▸ **Task to carry out**:
Each record that follows goes into your reply unchanged; the pictures do not.

▸ **Excerpted data**:
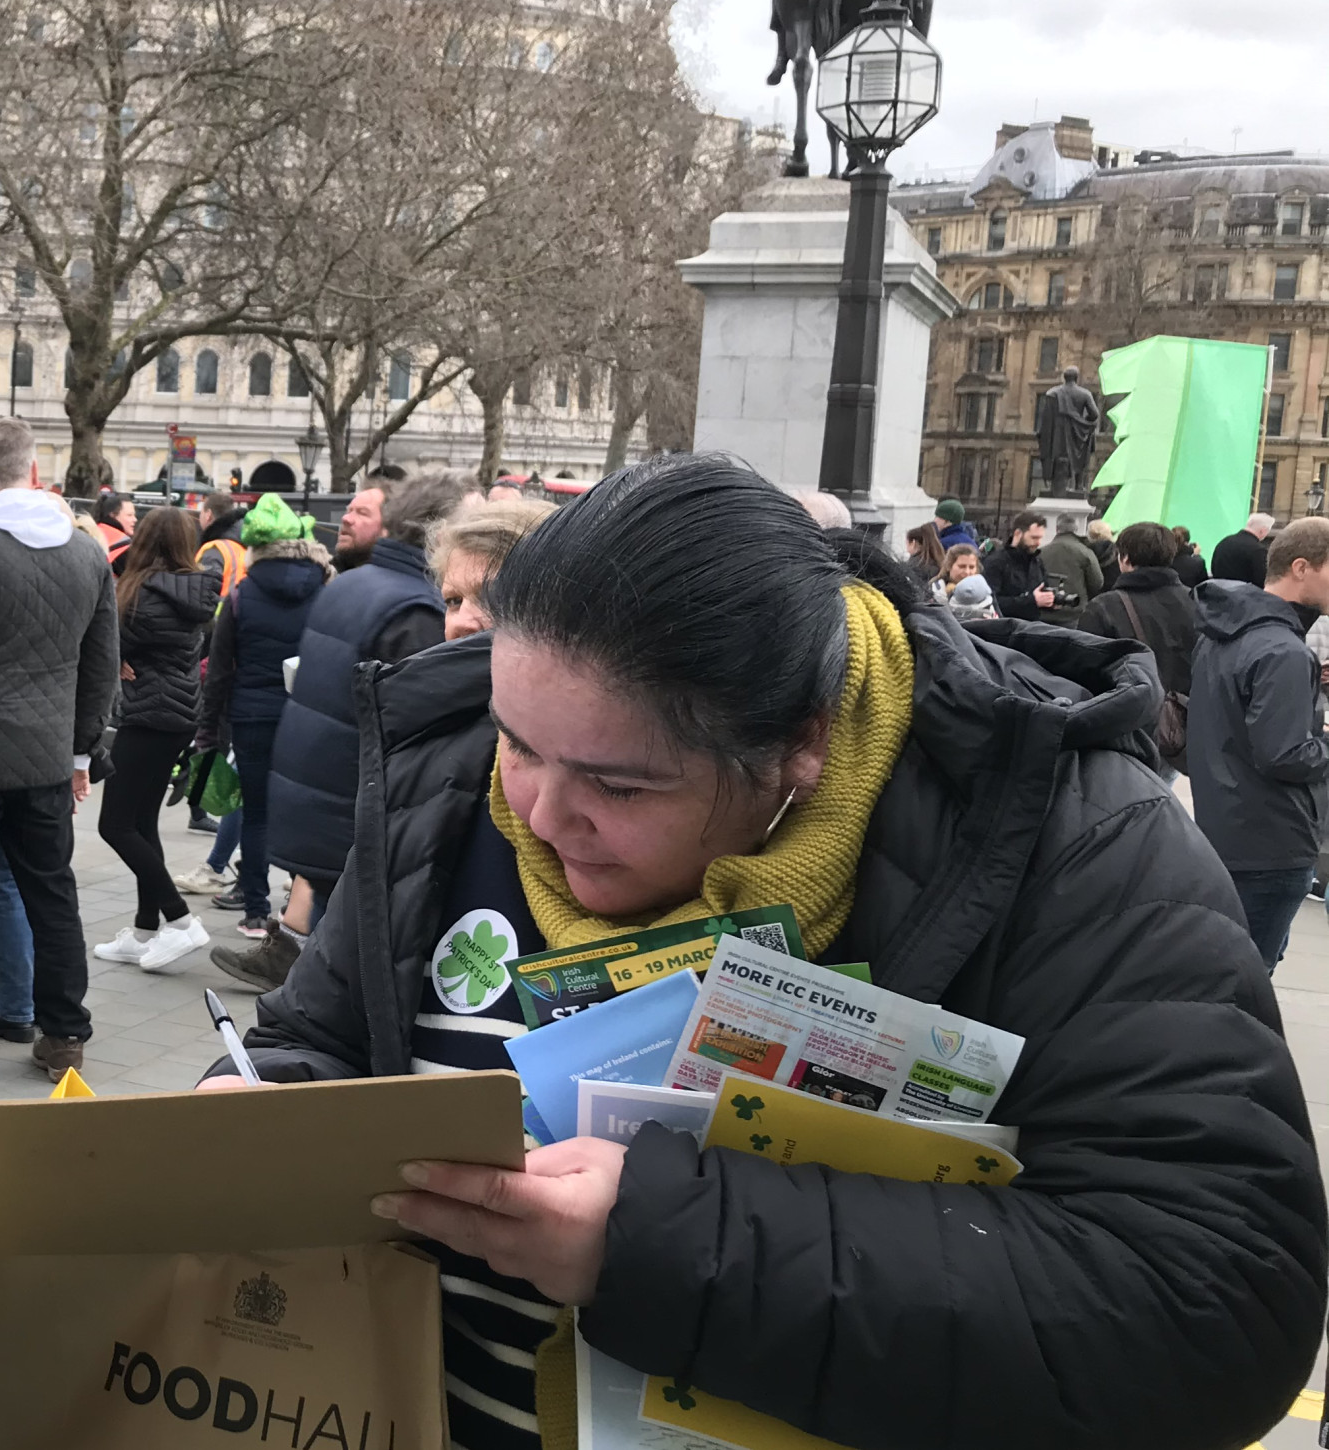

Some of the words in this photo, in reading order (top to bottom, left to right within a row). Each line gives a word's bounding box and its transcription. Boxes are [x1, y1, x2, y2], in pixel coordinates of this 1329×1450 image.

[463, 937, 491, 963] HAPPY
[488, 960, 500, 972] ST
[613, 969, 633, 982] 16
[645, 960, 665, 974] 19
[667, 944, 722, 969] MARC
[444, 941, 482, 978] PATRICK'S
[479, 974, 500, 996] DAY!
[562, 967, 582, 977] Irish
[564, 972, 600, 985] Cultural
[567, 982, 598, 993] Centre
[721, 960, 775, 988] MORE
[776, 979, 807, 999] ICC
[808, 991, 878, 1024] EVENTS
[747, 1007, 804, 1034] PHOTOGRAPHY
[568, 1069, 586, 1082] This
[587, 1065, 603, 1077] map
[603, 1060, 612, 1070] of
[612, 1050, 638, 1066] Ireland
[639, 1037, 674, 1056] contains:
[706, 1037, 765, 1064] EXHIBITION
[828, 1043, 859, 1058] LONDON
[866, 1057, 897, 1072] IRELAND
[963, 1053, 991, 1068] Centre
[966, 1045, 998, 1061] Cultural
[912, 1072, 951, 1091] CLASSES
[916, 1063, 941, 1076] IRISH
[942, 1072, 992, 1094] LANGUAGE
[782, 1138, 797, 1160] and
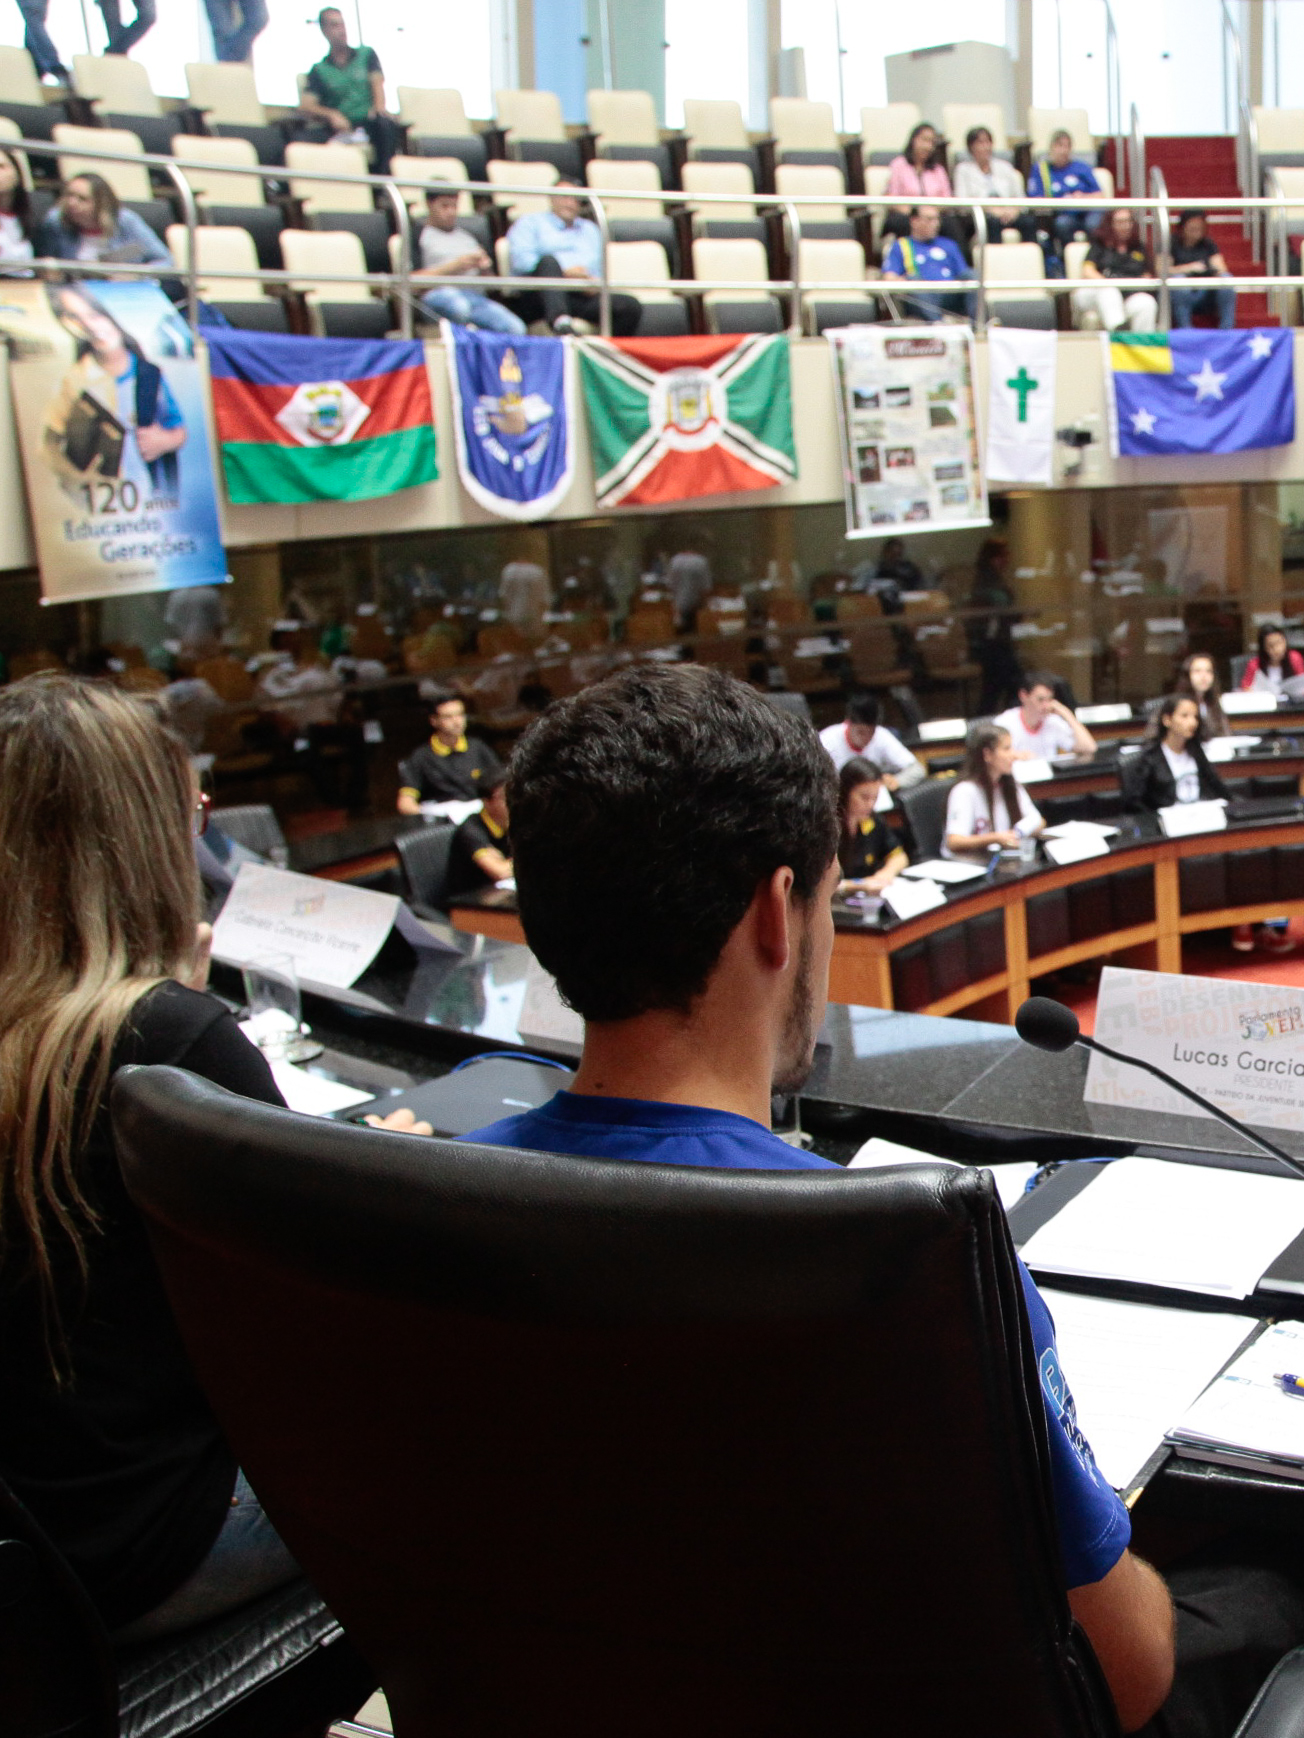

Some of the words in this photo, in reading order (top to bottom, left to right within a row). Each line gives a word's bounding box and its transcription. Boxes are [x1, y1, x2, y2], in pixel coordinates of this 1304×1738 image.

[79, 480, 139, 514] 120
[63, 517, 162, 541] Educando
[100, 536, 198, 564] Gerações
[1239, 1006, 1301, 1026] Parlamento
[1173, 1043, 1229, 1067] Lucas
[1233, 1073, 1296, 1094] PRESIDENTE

▸ **Task result**:
Some of the words in this photo, in reading order (top to bottom, left to right within a row). Each line gives a word's bounding box and its transcription. Boxes are [x1, y1, x2, y2], in pixel coordinates of this 1329×1450 image.

[463, 937, 491, 963] HAPPY
[488, 960, 500, 972] ST
[613, 969, 633, 982] 16
[645, 960, 665, 974] 19
[667, 944, 722, 969] MARC
[444, 941, 482, 978] PATRICK'S
[479, 974, 500, 996] DAY!
[562, 967, 582, 977] Irish
[564, 972, 600, 985] Cultural
[567, 982, 598, 993] Centre
[721, 960, 775, 988] MORE
[776, 979, 807, 999] ICC
[808, 991, 878, 1024] EVENTS
[747, 1007, 804, 1034] PHOTOGRAPHY
[568, 1069, 586, 1082] This
[587, 1065, 603, 1077] map
[603, 1060, 612, 1070] of
[612, 1050, 638, 1066] Ireland
[639, 1037, 674, 1056] contains:
[706, 1037, 765, 1064] EXHIBITION
[828, 1043, 859, 1058] LONDON
[866, 1057, 897, 1072] IRELAND
[963, 1053, 991, 1068] Centre
[966, 1045, 998, 1061] Cultural
[912, 1072, 951, 1091] CLASSES
[916, 1063, 941, 1076] IRISH
[942, 1072, 992, 1094] LANGUAGE
[782, 1138, 797, 1160] and

Some of the words in this photo, in reading order (top to bottom, left to right within a row). Each line gives a word's bounding box and its transcription. Boxes are [x1, y1, x2, y2], in pixel coordinates of this 1304×1738 image.

[79, 480, 139, 514] 120
[63, 517, 162, 541] Educando
[100, 536, 198, 564] Gerações
[1239, 1006, 1301, 1026] Parlamento
[1173, 1043, 1229, 1067] Lucas
[1233, 1073, 1296, 1094] PRESIDENTE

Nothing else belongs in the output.